Imagine a global health crisis. Everyone is ordered to "stay-at-home" and only to venture out for "essential" purposes. Travel is regulated by government surveillance, with only permitted workers allowed to go into the city. Inflation is at historic levels, and basic necessities, such as food and gasoline, become invaluable commodities.
As the COVID pandemic begins to recede into our cultural memory, it is harrowing to remember the sheer breadth of power we surrendered to our government in order to "keep us safe." We would be foolish to think that the pandemic wasn't a repetition of an age-old tale in the west, and we would be even more naive to believe that we aren't at risk of repeating it in the future: the government's manipulation of a crisis to secure its complete control over its people.
We would be foolish to think that the pandemic wasn't a repetition of an age-old tale
Filmmaker Matt Battaglia published a first in what is likely to become an emerging genre of post-pandemic apocalyptic literature, bringing to life the harrowing consequences of what could happen if we continue to surrender our liberty to the government for the sake of "safety and security."

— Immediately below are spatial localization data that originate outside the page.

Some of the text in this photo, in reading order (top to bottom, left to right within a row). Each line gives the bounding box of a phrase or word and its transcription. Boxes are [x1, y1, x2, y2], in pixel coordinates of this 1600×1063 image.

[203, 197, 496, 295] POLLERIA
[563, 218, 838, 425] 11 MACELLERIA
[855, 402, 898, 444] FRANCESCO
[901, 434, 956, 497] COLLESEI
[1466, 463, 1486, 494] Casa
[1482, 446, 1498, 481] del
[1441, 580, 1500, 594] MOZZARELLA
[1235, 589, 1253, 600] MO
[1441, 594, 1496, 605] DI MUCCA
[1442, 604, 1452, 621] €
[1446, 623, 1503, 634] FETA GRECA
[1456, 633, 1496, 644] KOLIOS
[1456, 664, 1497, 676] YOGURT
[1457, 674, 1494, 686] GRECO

Battaglia's graphic novel, House on Fire, brings this world to life in an even more vivid dimension through pictures, telling the story of a single day of a man living in this apocalyptic world that doesn't seem too distant from our own.

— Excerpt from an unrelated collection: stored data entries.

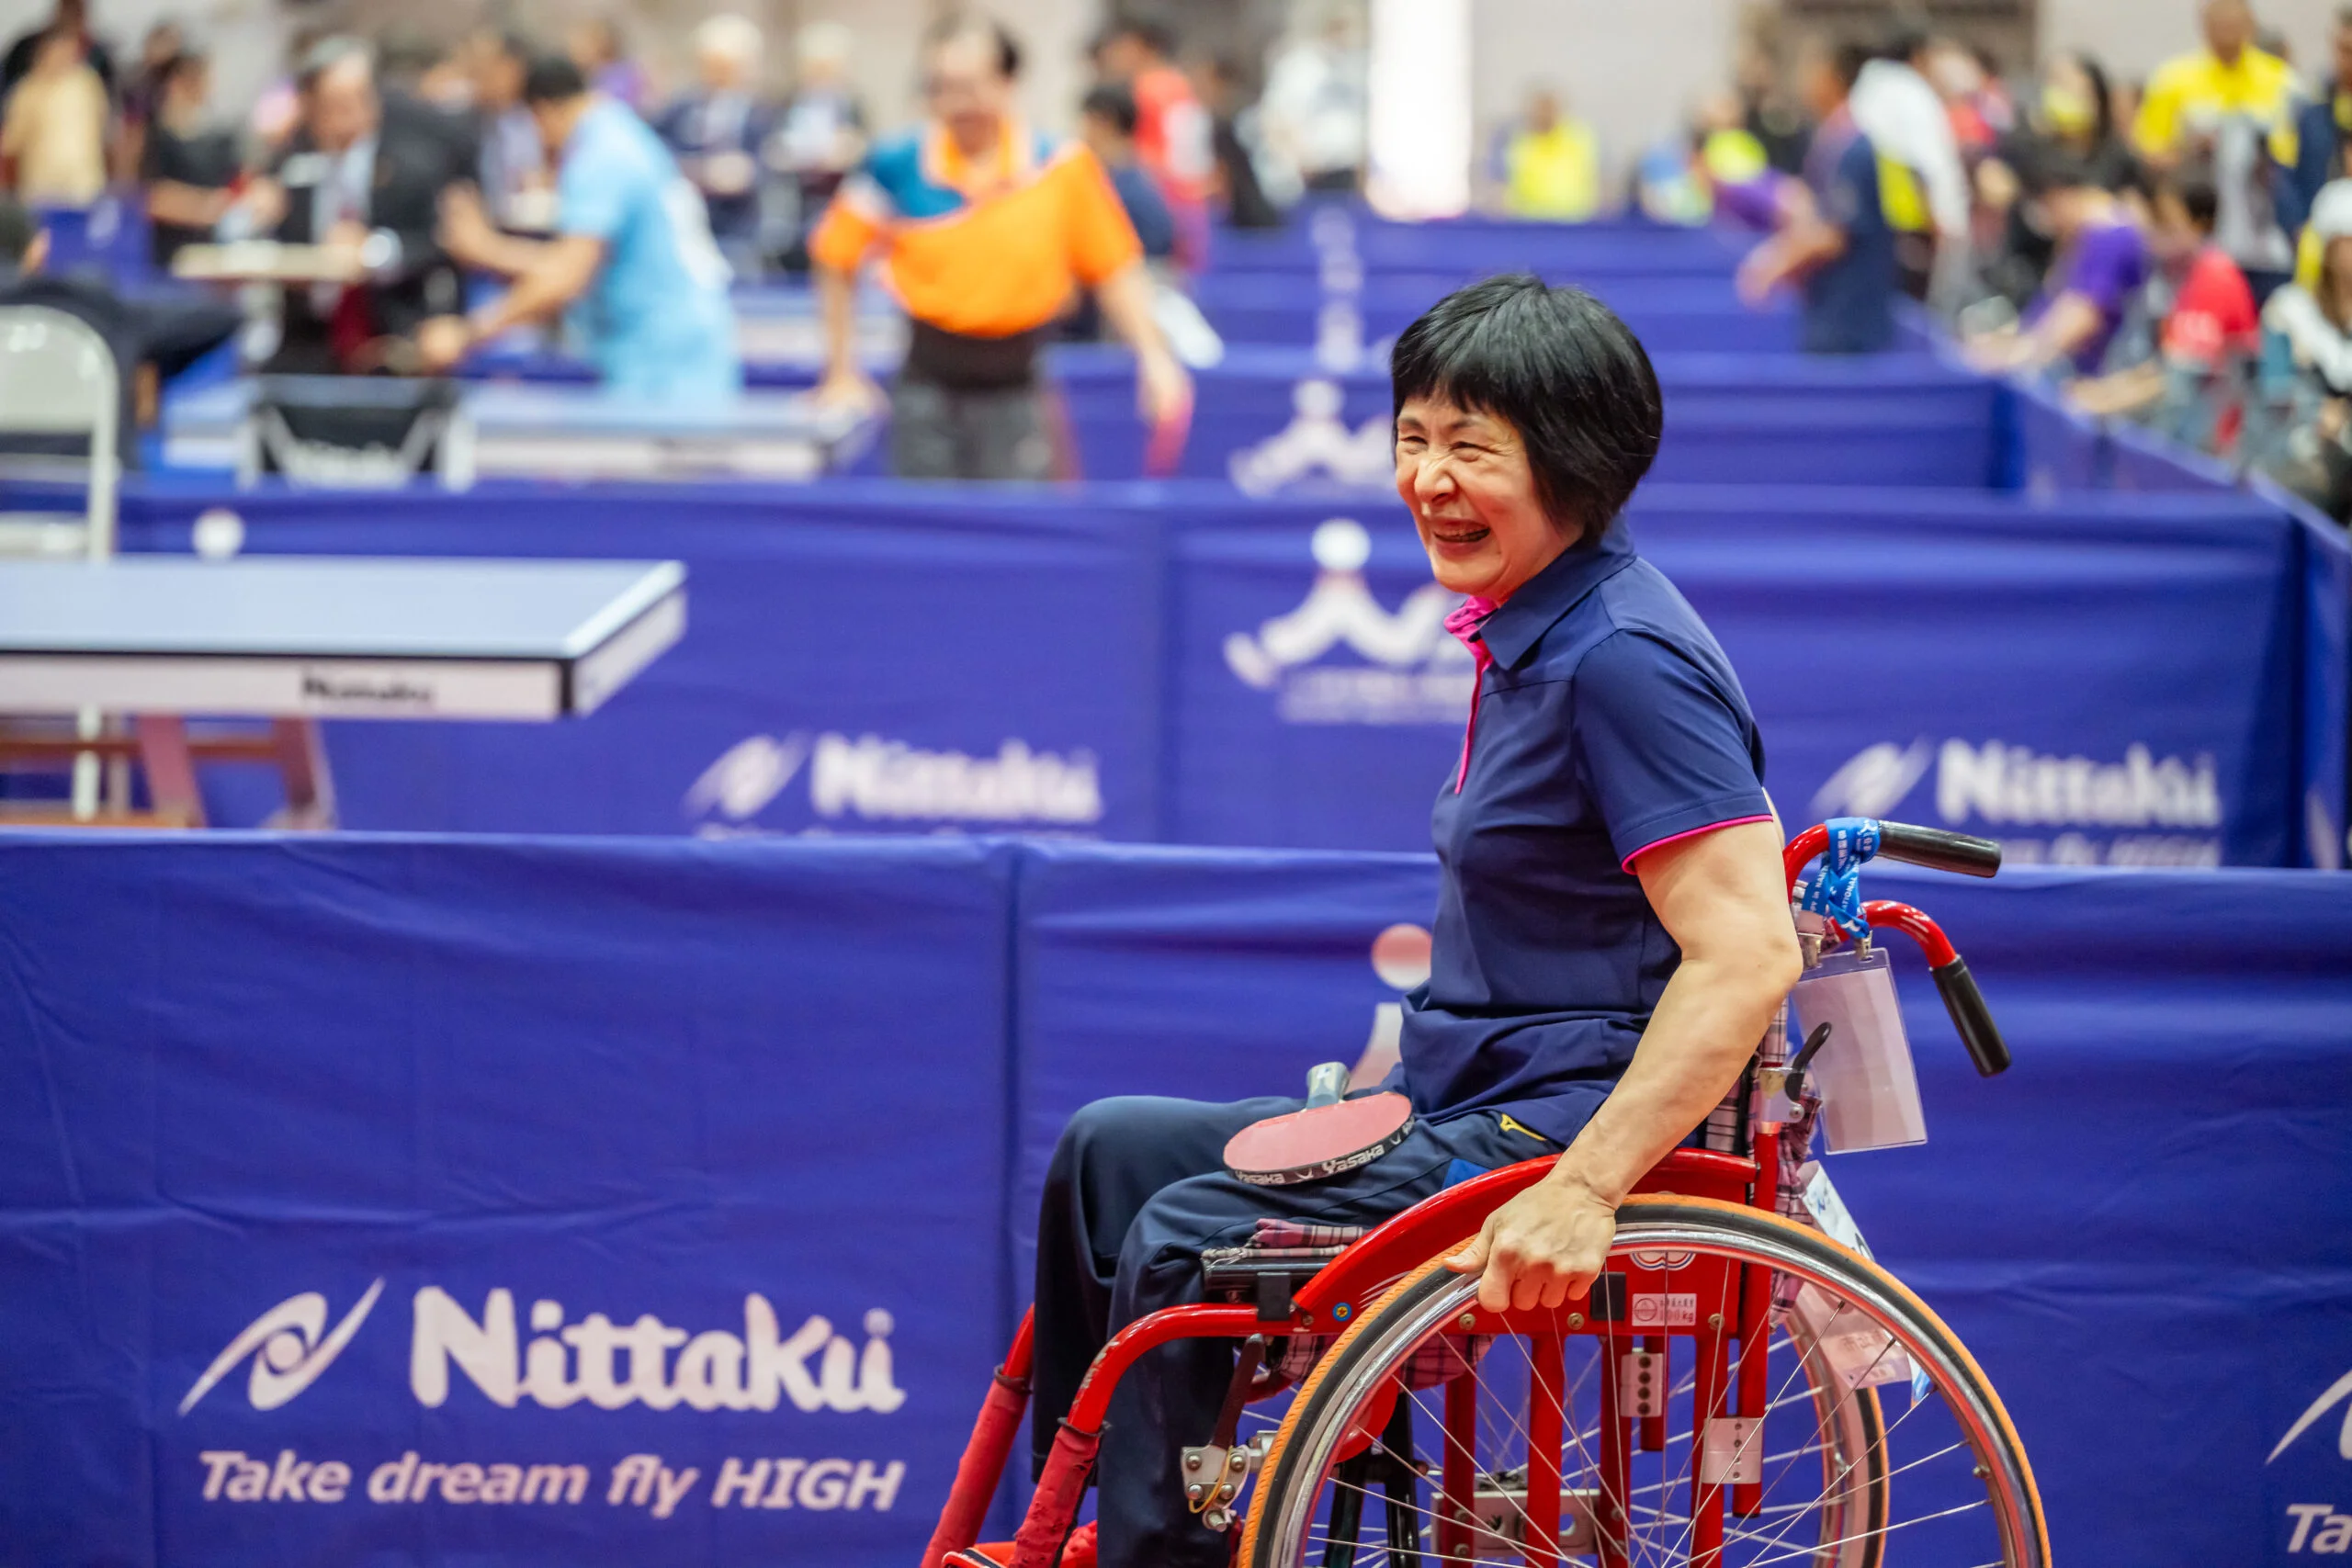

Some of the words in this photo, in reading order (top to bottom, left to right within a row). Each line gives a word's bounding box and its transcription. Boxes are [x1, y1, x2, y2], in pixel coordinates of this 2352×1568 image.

[1322, 1144, 1385, 1175] Yasaka
[410, 1286, 906, 1413] Nittaku
[198, 1450, 352, 1504] Take
[368, 1450, 589, 1505] dream
[605, 1453, 699, 1519] fly
[710, 1458, 907, 1511] HIGH
[2286, 1503, 2352, 1554] Ta

Imagine there is another global pandemic of a respiratory virus that is similar to COVID. The government implements COVID-like lockdowns and restrictions from their 2020 blueprint, but this time, the regulations are here to stay. After all, this pandemic isn't the only threat allegedly facing the American people. The future of our planet is at stake. On top of the pandemic regulations, our government restricts the types of food available for consumption, implements individual carbon quotas, mandates electric vehicles, eliminates gas-powered heating, cars, stoves, etc.
Of course, the pandemic and climate change policies require major government funding, so the President uses his emergency powers and executive orders to push through a multi-trillion-dollar proposal that secures the funding necessary to finance the "clean and safe transition." Yes, inflation will be an issue, but that is a small price to pay to secure our health and the future of our planet. Don't forget to include foreign aid for our warring allies in the multi-trillion-dollar packages as well.
Inflation is a small price to pay to secure the future of our planet.
Now fast forward 20 years of living under these all-too-familiar draconian policies. This is Battaglia's apocalyptic world where we meet our nameless main character, causing the reader to question whether our world could devolve into Battaglia's in such a short amount of time.
Battaglia's story begins with our character kissing his wife goodbye and leaving their country home on a one-day mission to the city in search of a cure for his wife's most recent bout of the illness that is, presumably, a result of the pandemic.
All of the themes that contribute to the apocalyptic nature of Battaglia's world are familiar to us, disturbingly so. Our character drives through country roads, passing by gas signs that list $20 per gallon prices. His radio reports on another invasion of Poland, while country fields transform into steeple-like towers of run-down factories, like old monuments to former industries of a time long past.
Our character reaches the city limit, a border-like security checkpoint where he is required to scan his identity card to enter the city, the likes of which we see in China today. Masks required. He then drives through empty streets of a once bustling city, save for several suspect people who seem to blend into the crevices of alleyways and corners, shrouded by their masks.
Finally, our character meets with his "contact," who gives him some type of canister, supposedly a remedy for his wife's ailment. He barters with several cuts of meat, a rarity more valuable than inflated cash in this "Green New World." From this point onward, things take a turn for our character—for the worst.
Many of these scenes bring to life themes that Glenn has been warning about for years, from the government's use of a pandemic to seize control over its people, the depleted dollar and record-high inflation resulting from government spending and foreign conflicts, the Great Reset's goals to eliminate meat, gas-powered products, and other "high emissions products." All of these will be done in the name of seemingly righteous goals: "health," "safety," "security," and the "future of our planet" come to mind. However, we won't realize our freedoms will be a faint memory of the past until it is too late.
All of these measures will be done in the name of seemingly "righteous" goals.
House on Fire's poignant ending leaves the reader with a terrifying yet vitally important question: are the issues plaguing our society latent within society itself, or do they stem from the troubles within our own souls? Does society mold the human soul, or is society, as Plato puts it, the human soul "writ large?"
Battaglia's short yet powerful graphic novel brings to life many of the themes that Glenn has been warning his listeners. It is sitting on his desk, and we hope it will sit on yours too. It gives the reader a glimpse into our society after years of decay and oppression, calling on the reader to halt its progression before it's too late.